Somali beauty-salon owner dies trying to reach French island of Mayotte

The family of beauty-salon owner Fathi Hussein are deep in mourning at their home in Somalia’s capital, Mogadishu, following her horrific death at sea after a deal she struck with migrant smugglers to take her to the French island of Mayotte went wrong.

“We were told by survivors that she died from hunger,” the 26-year-old’s stepsister Samira tells the BBC by phone.

The family learned from them that Fathi died in one of two small boats, adrift in the Indian Ocean for about 14 days, after being abandoned by the smugglers.

“People were eating raw fish and drinking sea water, which she refused. They [the survivors] said she started hallucinating before she died. And after that they threw her body into the ocean,” Samira tells the BBC.

Fathi’s family learned of her death from fellow Somalis who had been rescued by fishermen off the coast of Madagascar about a week ago.

The International Migration Organization (IMO) said that more than 70 people were on the two boats when they capsized, claiming the lives of 24, while 48 survived.

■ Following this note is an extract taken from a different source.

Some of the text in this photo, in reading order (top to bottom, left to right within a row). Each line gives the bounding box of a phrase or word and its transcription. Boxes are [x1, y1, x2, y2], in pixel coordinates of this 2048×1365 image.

Hundreds of migrants are believed to die each year trying to make it to the tiny French island, located about 300km (186 miles) north-west of Madagascar.

On 1 November, Fathi flew from Mogadishu to the Kenyan coastal city of Mombasa, and a few days later left by boat for Mayotte – a perilous journey of more than 1,100 km across the Indian Ocean.

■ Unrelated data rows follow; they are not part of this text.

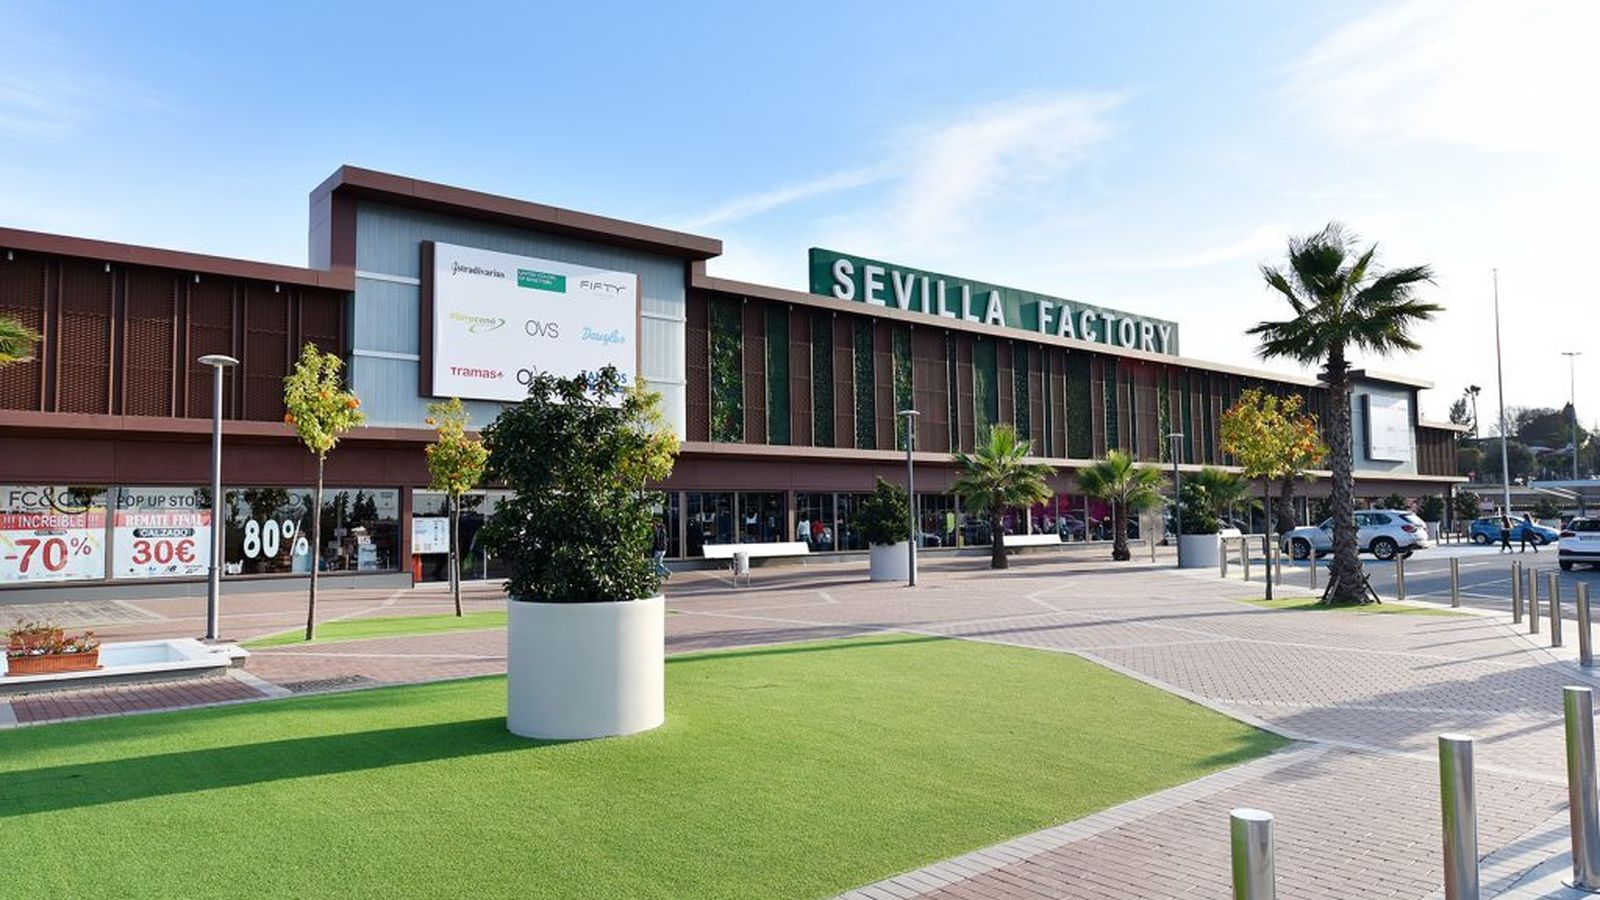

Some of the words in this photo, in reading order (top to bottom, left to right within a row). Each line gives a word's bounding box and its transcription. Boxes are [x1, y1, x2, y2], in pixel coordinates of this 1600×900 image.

[580, 280, 626, 294] FIFTY
[832, 259, 1005, 327] SEVILLA
[1037, 300, 1172, 355] FACTORY
[525, 319, 560, 339] OVS
[148, 496, 166, 507] UP
[19, 514, 84, 529] INCREIBLE
[125, 514, 169, 527] REMATE
[172, 514, 200, 527] FINAL
[244, 519, 309, 559] 80%
[4, 537, 92, 573] -70%
[132, 539, 195, 565] 30€
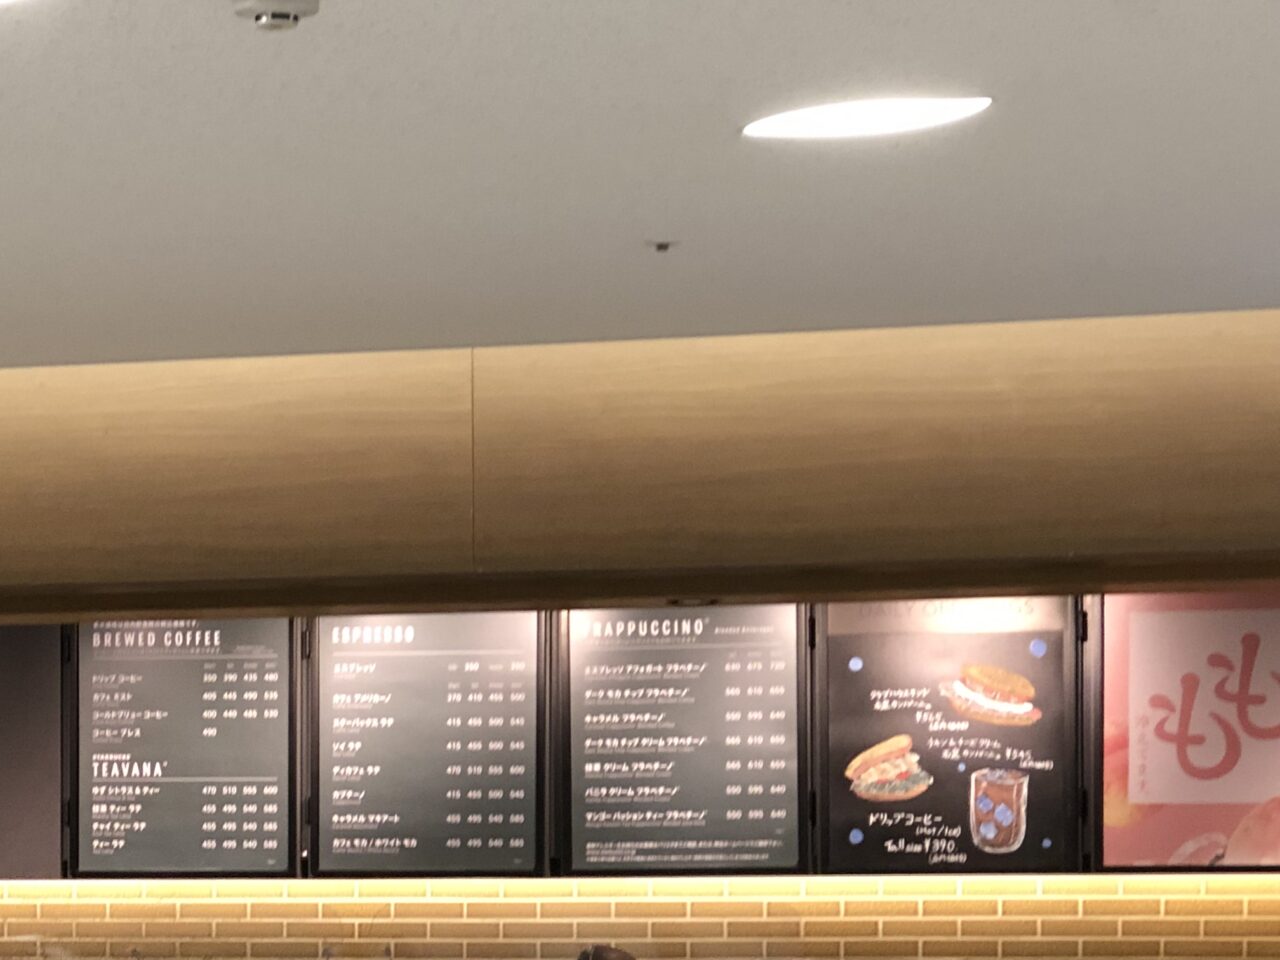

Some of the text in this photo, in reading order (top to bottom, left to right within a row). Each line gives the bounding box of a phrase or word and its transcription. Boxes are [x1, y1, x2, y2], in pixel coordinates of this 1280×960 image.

[588, 619, 704, 638] RAPPUCCINO
[93, 630, 220, 647] BREWED COFFEE
[243, 673, 257, 682] 435

Samira says they are baffled by Fathi’s decision as she had a successful business in Mogadishu, and lived in the middle-class neighbourhood of Yaqshid.

Fathi hid her plan from the family, sharing her secret only with their younger sister, telling her that she had paid the smugglers money she had made running her beauty salon, Samira says.

“She used to hate the ocean. I don’t know why and how she took that decision. I wish I could give her a hug,” she adds.

Survivors told Fathi’s family that the beauty salon owner and all the other passengers were in one big boat when they left Mombasa.

But during the journey, the smugglers said the boat had developed mechanical problems and would have to turn back.

Then before returning to Kenya, the smugglers put all the migrants on two small boats, assuring them: “You will reach Mayotte in three hours.”

But, says Samira, “it turned into 14 days” and led to the death of her sister and others.

Some of the survivors suspect that the smugglers deliberately left them stranded in the sea as they had already been paid, and had no intention of taking them to Mayotte, says Samira.

IMO regional official Frantz Celestin tells the BBC it is increasingly common for migrants to risk their lives trying to reach the French island.

“Just recently 25 people perished doing the same journey, usually transiting through Comoros and Madagascar. Generally this year has been the deadliest year for migrants,” he says.